The abyss in Scripture refers to the bottomless pit — the place of confinement for fallen spirits and demonic powers, distinct from hell (Gehenna) and the grave (Sheol/Hades). It appears in the creation account as tehom (the formless deep over which the Spirit hovered, Gen 1:2), but in the NT becomes the prison of the demonic. The Legion demons begged Jesus not to send them into the abyss (Luke 8:31). In Revelation, the abyss is opened by a key given from heaven, releasing demonic hordes in the end times. Satan himself will be bound in the abyss for a thousand years during the Millennium. The abyss underscores that God is sovereign even over the realm of darkness — he holds its key.
A'BYSS, noun [Latin abyssus; Greek abyssos, bottomless; a priv. and byssos, bottom.]
1. A bottomless gulf; used to denote the great deep or chaos before the creation; the immeasurable depth of the ocean; the great deep; the internal regions; the infernal pit.
2. Any deep, immeasurable space; any thing profound and without bottom.

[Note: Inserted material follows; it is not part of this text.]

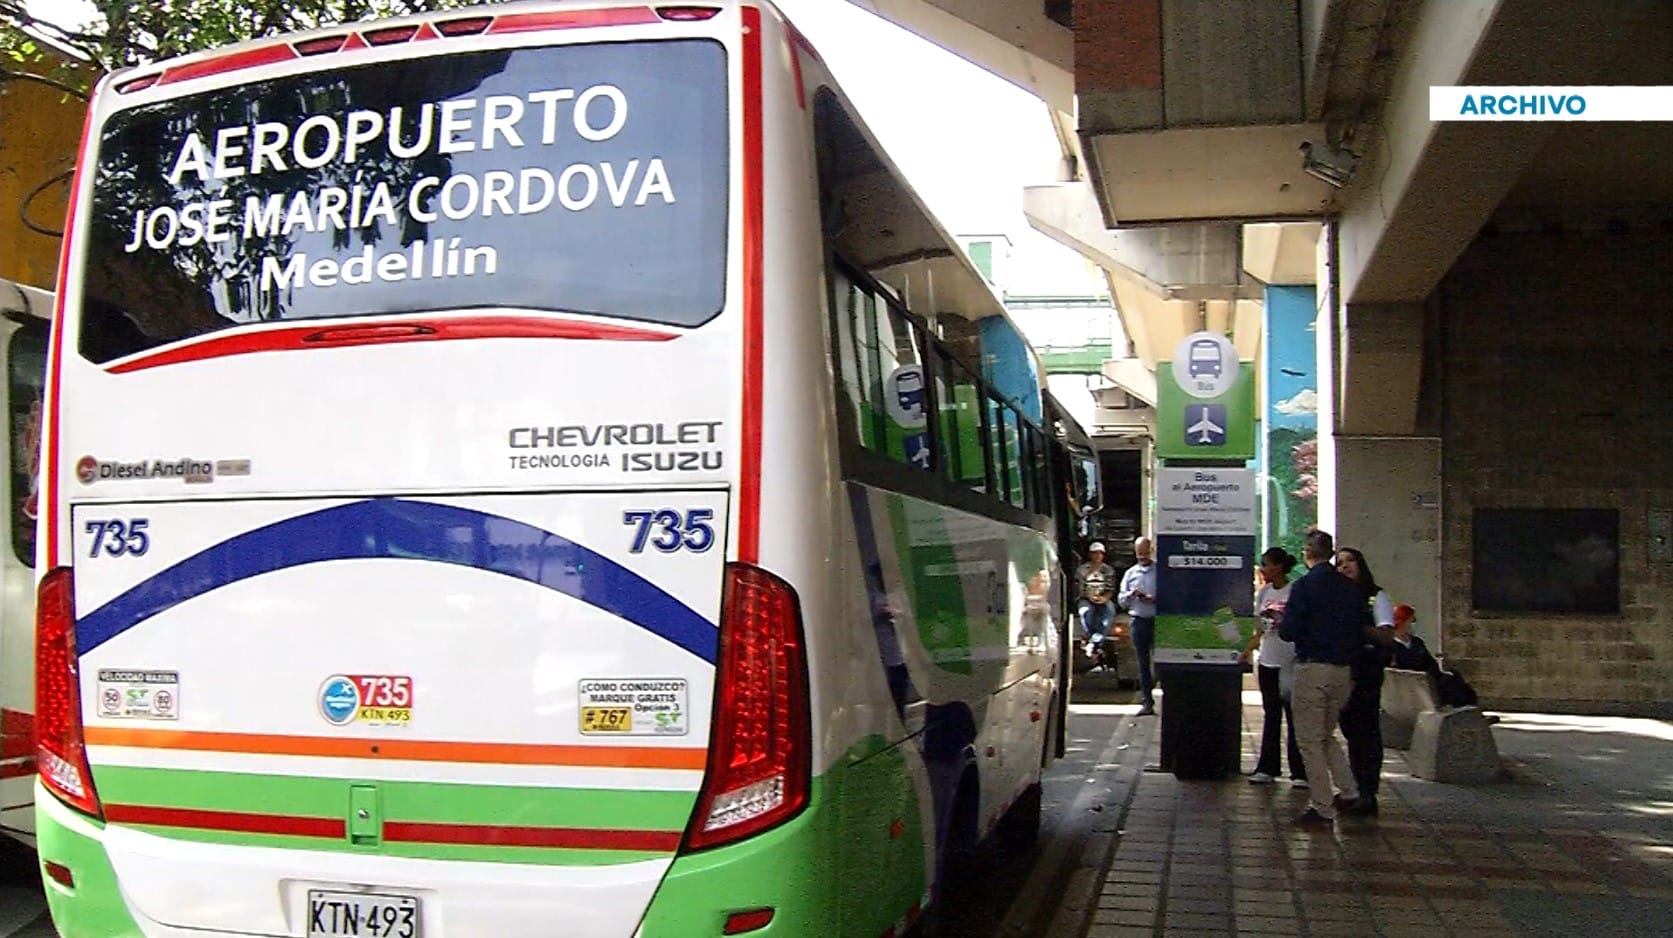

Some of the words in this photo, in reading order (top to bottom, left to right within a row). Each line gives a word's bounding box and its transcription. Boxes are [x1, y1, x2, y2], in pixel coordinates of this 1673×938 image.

3. Depth; deepness. The abyss of time. The abyss of divine knowledge.
• Luke 8:31 — "And they begged him not to command them to depart into the abyss."
• Revelation 9:1 — "He was given the key to the shaft of the bottomless pit."
• Revelation 20:1–3 — "He seized the dragon…and bound him for a thousand years, threw him into the pit, and shut it and sealed it over him."
• Romans 10:7 — "Who will descend into the abyss? (that is, to bring Christ up from the dead)."
• Genesis 1:2 — "The Spirit of God was hovering over the face of the waters [tehom — the deep]."
Modern culture has trivialized the abyss into a metaphor for personal emptiness or existential despair — "staring into the abyss" (Nietzsche). This strips the term of its cosmological and eschatological weight. The abyss of Scripture is not a psychological state but a real spiritual realm — the domain of imprisoned spirits awaiting judgment. Dismissing it as mythology leaves people vulnerable to the very forces Scripture warns about and gives theological cover to demonic activity that the Bible treats with deadly seriousness.
Greek: ἄβυσσος (abyssos) ἀ- (a-) = without, not (privative prefix) βυσσός (byssos) = bottom, depth (from βύω = to stop up, fill) → literally "without bottom" = bottomless Hebrew: תְּהוֹם (tehom, H8415) Proto-Semitic *tihāmu = sea, deep Cognate with Akkadian tiāmtu / Babylonian Tiamat Used in Gen 1:2 — the primordial deep that God's Spirit hovered over Not a rival deity (contra Babylon) but raw creation material under divine authority
• "The demons knew exactly who Jesus was — and they feared him. They begged not to be sent into the abyss. The most terrifying beings in creation trembled before the Son of God."
• "God holds the key to the abyss (Rev 9:1). Nothing escapes his sovereign control — not even the pit of hell's army."
• "The tehom of Genesis 1 is the raw, formless deep — not chaos defeating God, but creation material awaiting his shaping word."